Washington, D.C. – November 21, 2025 – The U.S. Supreme Court is scheduled to meet in private conference today to consider one of the most explosive constitutional challenges of President Donald Trump’s second term: his executive order ending automatic birthright citizenship for children born in the United States to parents who are in the country illegally or on temporary visas.
Signed on January 20, 2025 — Trump’s first day back in the White House — the order declares that such children are no longer entitled to American citizenship under the Fourteenth Amendment. The policy has never taken effect anywhere in the country, having been blocked by a series of lower-court rulings that have unanimously declared it unconstitutional. The justices could announce as early as Monday whether they will take up the administration’s appeal. If they do, oral arguments would likely be held this spring, with a final ruling expected by late June or early July 2026.
The case, captioned Trump v. Barbara in the Supreme Court docket, consolidates two major lower-court defeats for the administration. In July, a three-judge panel of the U.S. Court of Appeals for the Ninth Circuit upheld a nationwide preliminary injunction issued on behalf of a coalition of Democratic-led states led by Washington, Arizona, Illinois, and Oregon. The court ruled that allowing the order to take effect in some states but not others would create intolerable chaos in everything from school enrollment and driver’s licensing to interstate travel and federal benefits administration.

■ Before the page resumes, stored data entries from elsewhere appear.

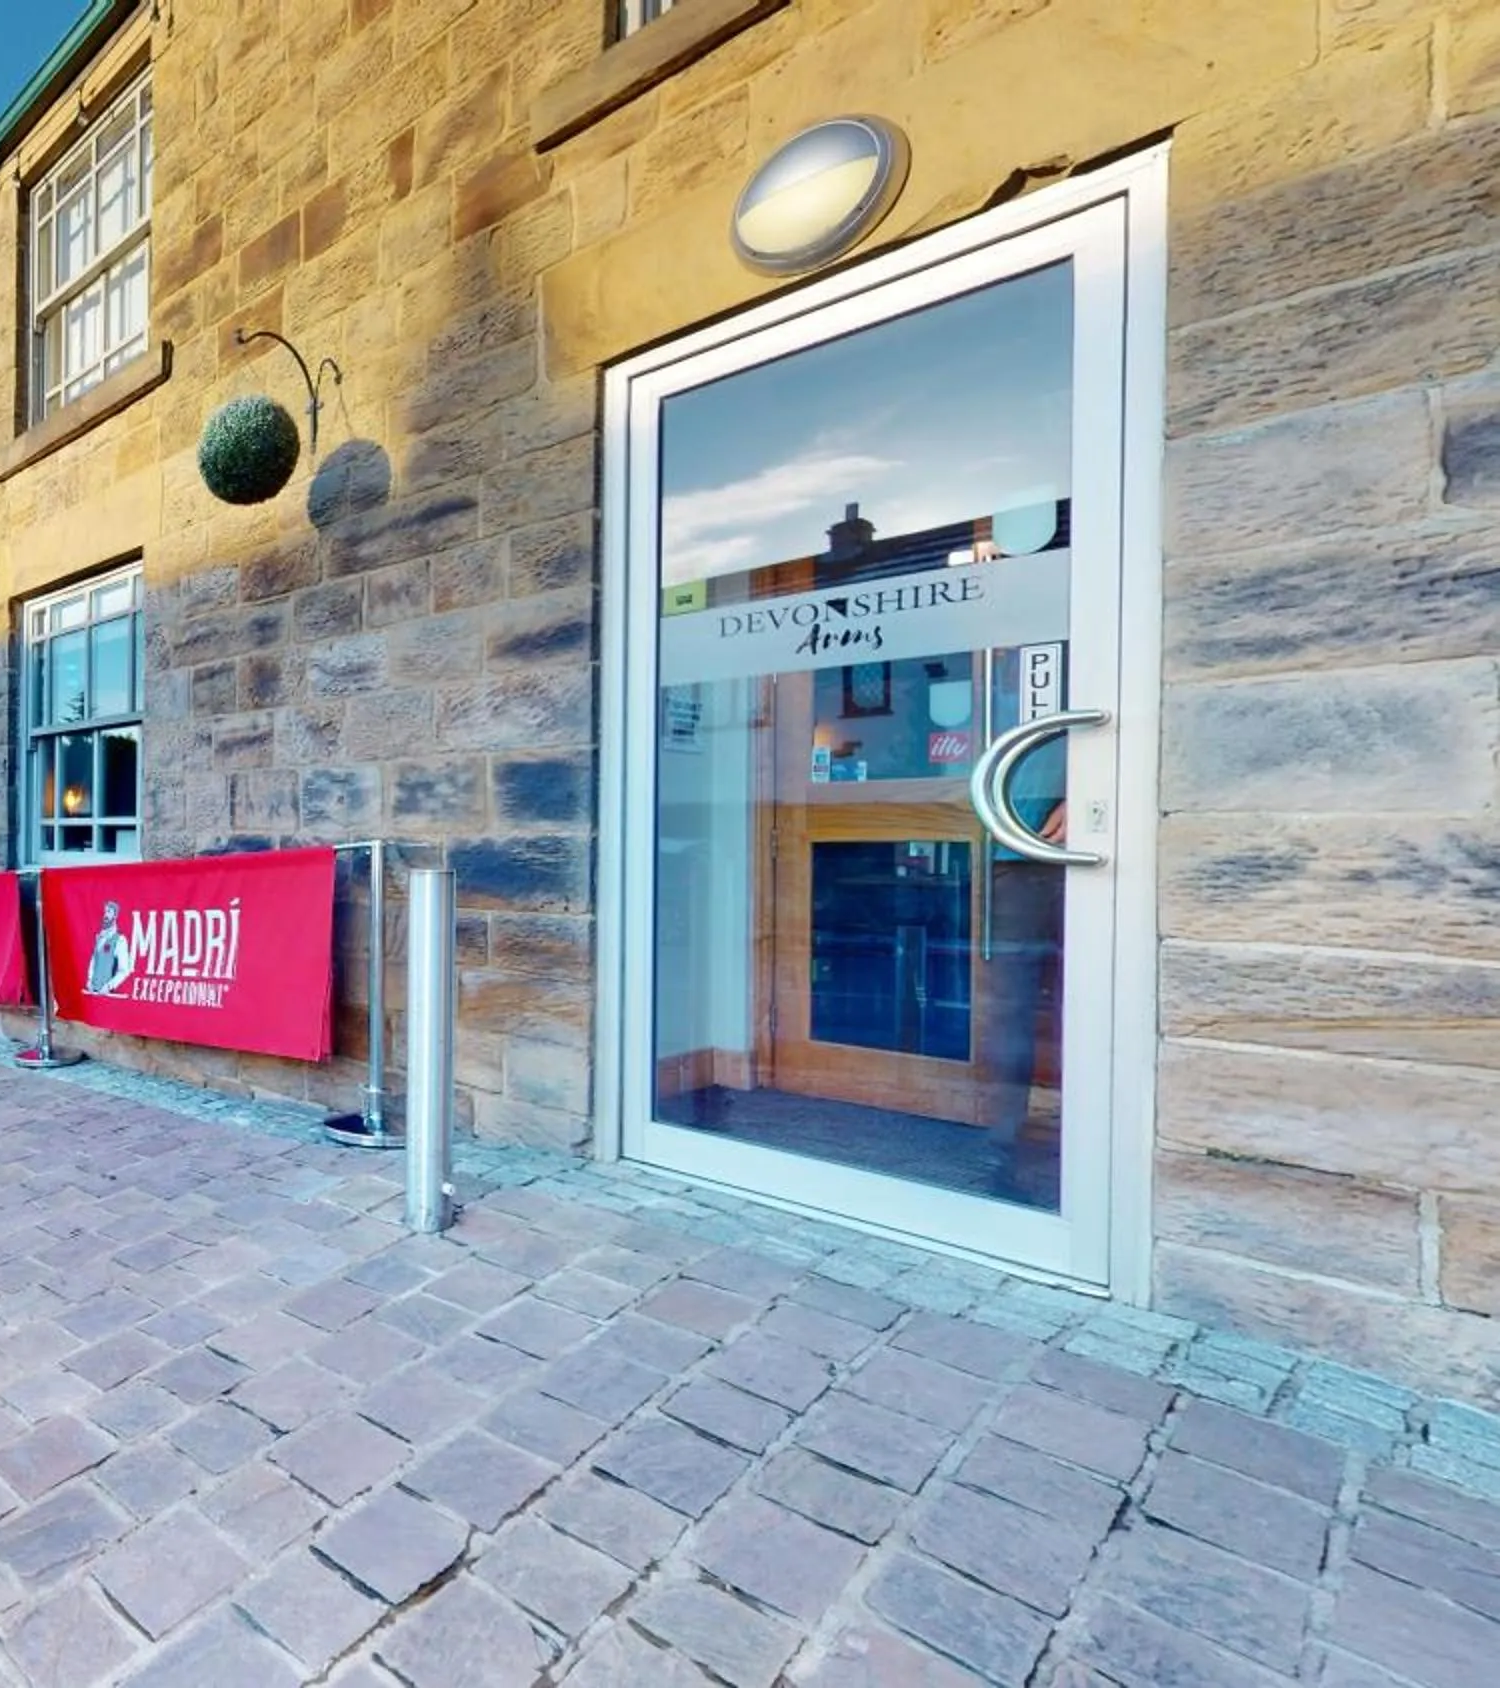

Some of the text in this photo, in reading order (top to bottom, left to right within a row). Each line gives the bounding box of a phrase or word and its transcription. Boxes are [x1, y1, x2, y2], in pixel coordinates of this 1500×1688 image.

[718, 575, 985, 638] DEVONSHIRE
[795, 623, 883, 655] Arms
[930, 735, 969, 763] illy
[130, 897, 241, 979] MADRÍ
[131, 977, 224, 1009] EXCEPCIONAL

Separately, U.S. District Judge Joseph Laplante in Concord, New Hampshire — a George W. Bush appointee — certified a nationwide class action covering every child born in the United States after February 19, 2025, who would be denied citizenship under the order, along with their expectant mothers. Judge Laplante issued a preliminary injunction blocking enforcement against the entire class, calling the policy a clear violation of more than 125 years of settled constitutional law.
The American Civil Liberties Union, which is lead counsel in the New Hampshire case, has urged the Supreme Court to deny review, with ACLU attorney Cody Wofsy describing the government’s legal arguments as “so flimsy they collapse under the slightest scrutiny.” He added, however, that if the justices do take the case, “we are more than ready to defeat President Trump in the Supreme Court.”

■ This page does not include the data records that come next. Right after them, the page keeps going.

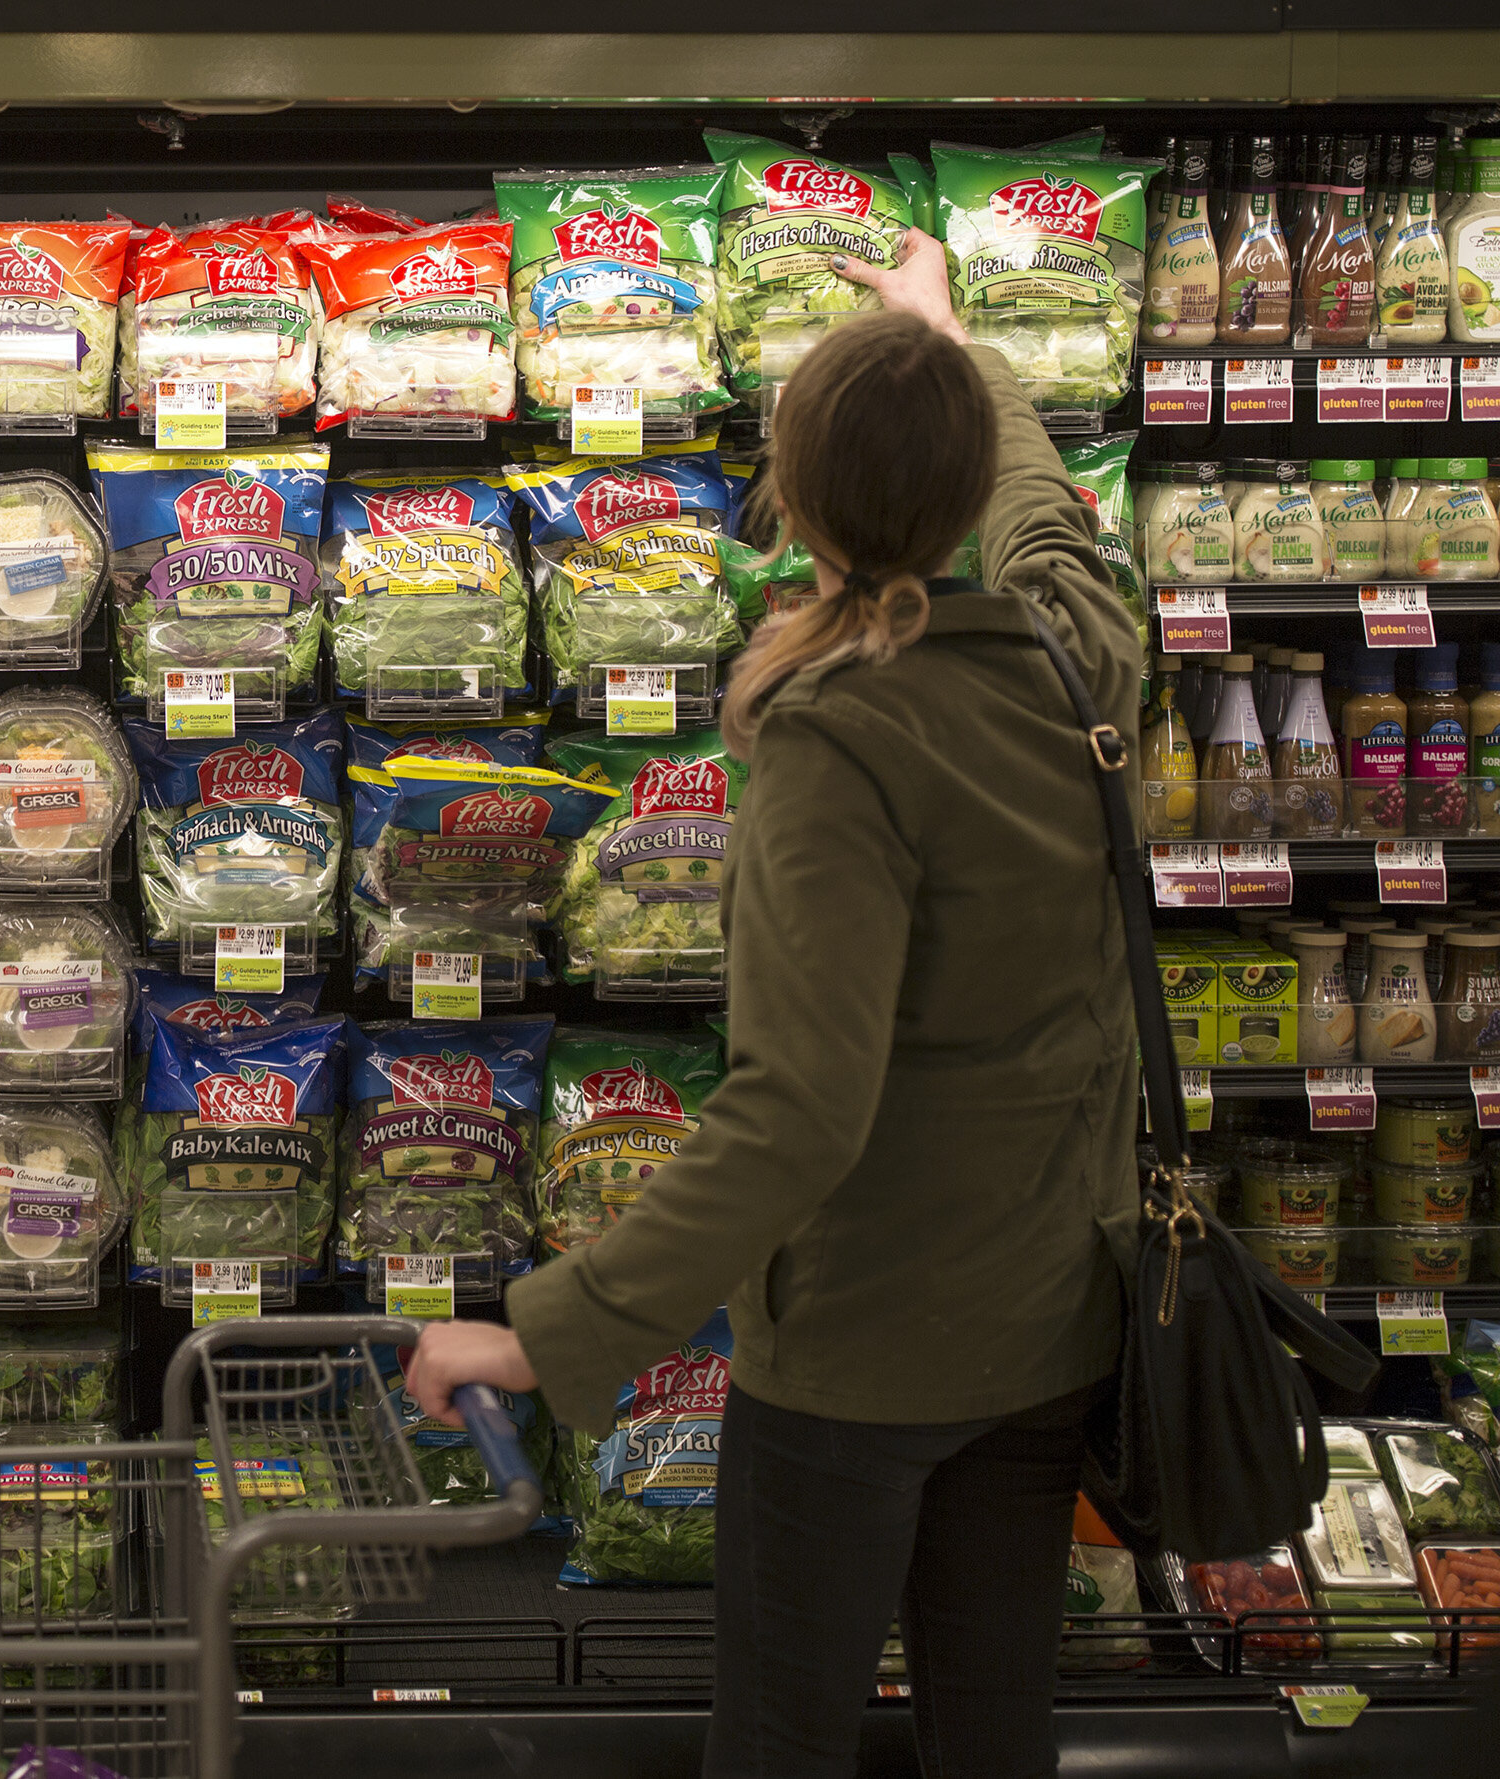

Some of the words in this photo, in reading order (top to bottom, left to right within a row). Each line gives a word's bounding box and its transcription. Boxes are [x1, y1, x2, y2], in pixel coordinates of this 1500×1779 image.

[780, 160, 860, 194] Fresh
[570, 218, 646, 243] Fresh
[570, 242, 648, 261] EXPRESS
[741, 229, 799, 261] Hearts
[798, 225, 820, 246] of
[819, 227, 884, 262] Romaine
[967, 250, 1030, 287] Hearts
[1030, 248, 1047, 270] of
[1047, 248, 1109, 285] Romaine
[1150, 251, 1215, 276] Marie's
[553, 271, 675, 300] American
[1182, 284, 1208, 294] WHITE
[189, 303, 248, 328] Iceberg
[248, 302, 304, 323] Garden
[1180, 307, 1215, 317] SHALLOT
[1149, 399, 1184, 412] gluten
[1185, 398, 1206, 411] free
[1389, 397, 1424, 411] gluten
[1424, 397, 1445, 410] free
[181, 423, 204, 431] Guiding
[192, 487, 270, 517] Fresh
[192, 517, 270, 534] EXPRESS
[594, 502, 668, 532] EXPRESS
[1242, 507, 1314, 533] Marie's
[1272, 536, 1301, 544] CREAMY
[1441, 540, 1489, 554] COLESLAW
[572, 546, 623, 573] Baby
[623, 529, 715, 566] Spinach
[1272, 543, 1312, 558] RANCH
[168, 550, 244, 586] 50/50
[248, 550, 299, 583] Mix
[1167, 627, 1203, 641] gluten
[1203, 627, 1225, 639] free
[1420, 734, 1467, 745] LITEHOUSE
[1422, 752, 1466, 762] BALSAMIC
[15, 763, 55, 776] Gourmet
[56, 763, 75, 775] Cafe
[213, 754, 290, 782] Fresh
[477, 770, 500, 780] EASY
[502, 772, 525, 781] OPEN
[527, 775, 550, 784] BAG
[458, 797, 536, 822] Fresh
[175, 812, 243, 850] Spinach
[244, 813, 260, 832] &
[260, 813, 325, 853] Arugula
[416, 844, 504, 862] Spring
[507, 845, 552, 865] Mix
[608, 827, 678, 863] Sweet
[1384, 878, 1421, 891] gluten
[1421, 878, 1441, 890] free
[22, 984, 89, 996] MEDITERRANEAN
[1233, 980, 1257, 996] CABO
[1258, 977, 1285, 996] FRESH
[1380, 977, 1418, 989] SIMPLY
[28, 993, 83, 1009] GREEK
[1380, 988, 1418, 999] DRESSED
[1223, 1002, 1293, 1015] guacamole
[170, 1138, 221, 1160] Baby
[226, 1134, 272, 1155] Kale
[272, 1138, 312, 1164] Mix
[362, 1119, 419, 1151] Sweet
[423, 1118, 439, 1136] &
[440, 1116, 517, 1164] Crunchy
[562, 1128, 627, 1162] Fancy
[647, 1359, 728, 1397] Fresh

At the heart of the dispute is the Citizenship Clause of the Fourteenth Amendment, ratified in 1868, which states: “All persons born or naturalized in the United States, and subject to the jurisdiction thereof, are citizens of the United States and of the State wherein they reside.” For more than a century, that language has been understood — through the Supreme Court’s 1898 decision in United States v. Wong Kim Ark and dozens of subsequent rulings — to guarantee citizenship to virtually everyone born on American soil, regardless of their parents’ immigration status, with only narrow exceptions for children of foreign diplomats and invading armies.
The Trump administration argues that children born to non-citizens who are merely “subject to U.S. laws” are not truly “subject to the jurisdiction” of the United States in the full sense intended by the amendment’s framers. Solicitor General D. John Sauer has told the Court that the lower-court rulings “invalidated a policy of prime importance to the president” and wrongly “confer the privilege of American citizenship on hundreds of thousands of unqualified people.”
Every federal judge and appeals panel to examine the order so far has rejected that interpretation. Even after the Supreme Court’s June 2025 decision sharply limiting the power of district judges to issue nationwide injunctions, challengers quickly pivoted to class-action lawsuits and multi-state litigation — formats the Court’s ruling explicitly left open — and secured new nationwide relief within weeks.
- The birthright citizenship fight is only the first of several Trump immigration initiatives to reach the Supreme Court for a merits ruling. Others remain in various stages of emergency litigation, including:
- The administration’s unprecedented peacetime invocation of the 1798 Alien Enemies Act to rapidly deport alleged members of the Venezuelan Tren de Aragua gang without immigration hearings (currently blocked in multiple jurisdictions).
- Federalization and deployment of National Guard troops from other states to conduct immigration raids in Chicago, Los Angeles, and Portland — deployments that have been temporarily or permanently halted by lower courts over Posse Comitatus Act and Tenth Amendment concerns.
- “Operation Midway Blitz” and similar large-scale enforcement surges that critics say rely on racial, linguistic, and occupational profiling.
With a 6-3 conservative majority, the Court has sent mixed signals on these emergency applications: lifting some lower-court stays, rejecting others, and repeatedly asking for additional briefing. Today’s conference on birthright citizenship will be the clearest indication yet of how far the Court is willing to go in accommodating — or rejecting — President Trump’s aggressive reinterpretation of executive authority over immigration and citizenship.
For now, every child born on American soil continues to be recognized as a U.S. citizen at birth, exactly as the law has provided since 1868. Whether that 157-year tradition survives into 2026 now rests with nine justices meeting behind closed doors.